The Margarets (25 page)

Read The Margarets Online

Authors: Sheri S. Tepper

Gloriana flushed. She always flushed when someone said something complimentary about her. “I have to go,” she said, getting to her feet and giving me a peck on the cheek. “I promised Lou Ellen a picnic down at the ferry pool.”

“Oh, Glory…” I said.

“Well, I
promised,
and she’s probably waiting for me.”

She turned and fled, out the door and away down the hill before another word could be said. I went to the door, still blotting my eyes, watching the girl going away, always going away to something else, somewhere else, restless as a fleabit cat, just like me, restlessness chronic and exhausting to control, constantly throwing shovelfuls of activity over my wretchedness, trying to bury what wouldn’t stay buried.

It had been a battle that took its toll on flesh and spirit, but I had not let Bryan see it. All my youthful dreams had been lost. The doubts had begun to circle almost as soon as we’d arrived, like those ancient carrion birds, scenting the rot that was setting in. And for what? If we could have made a real difference in Rueful, I would have been proud of our struggle, but all we really did was exhaust ourselves to keep a few pigheaded people alive a year or so past their time. Not a great achievement. If it hadn’t been for the idyllic fantasy Bryan had woven for me during the few days before we left Earth, I wouldn’t have been hypnotized by his exuberance, caught up in his certainty that love would see us through life, that it was a fair bargain for both of us, that it would all work out well.
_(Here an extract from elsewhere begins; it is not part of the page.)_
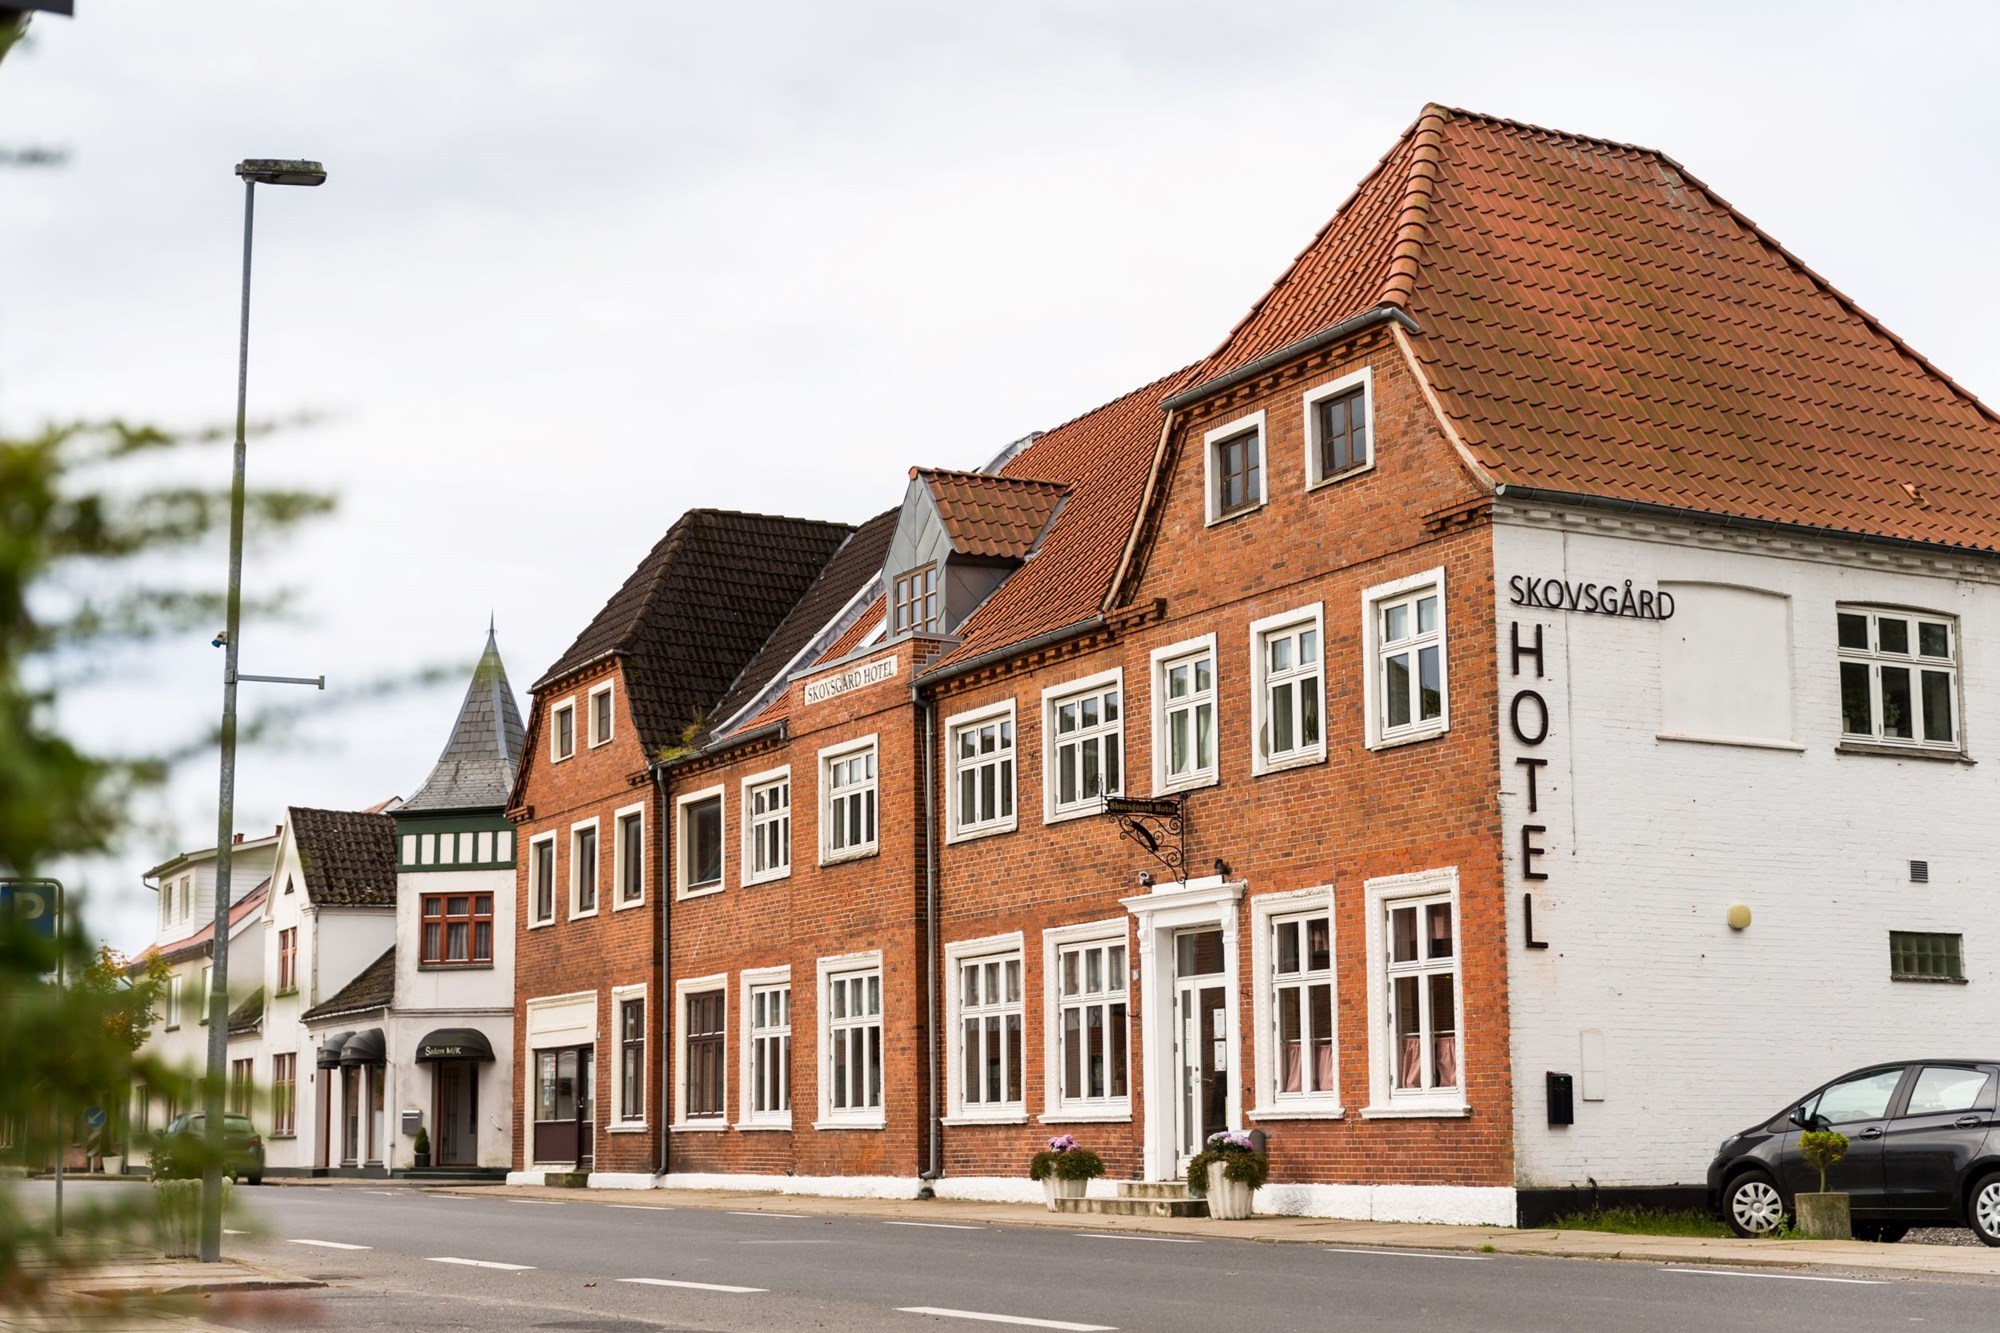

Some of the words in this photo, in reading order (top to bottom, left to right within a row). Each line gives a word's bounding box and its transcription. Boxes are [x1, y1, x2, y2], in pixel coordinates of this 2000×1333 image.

“I’ve loved you since I first met you, Maggie. You were worth every year.” He had told me that, time and again. I wish he hadn’t said it. If he’d been angry with me, just a few times, I could have given myself some room. As it was, I had to be as faithful and helpful as was humanly possible. Even so, I never honestly felt the scales were balanced. All the good times we planned were things we would be doing now, and he was gone. There were more doctors in Rueful now, things would have been easier. We could have had time together. My fault. I shouldn’t have let him bring me here. I should have taken my chances like everyone else.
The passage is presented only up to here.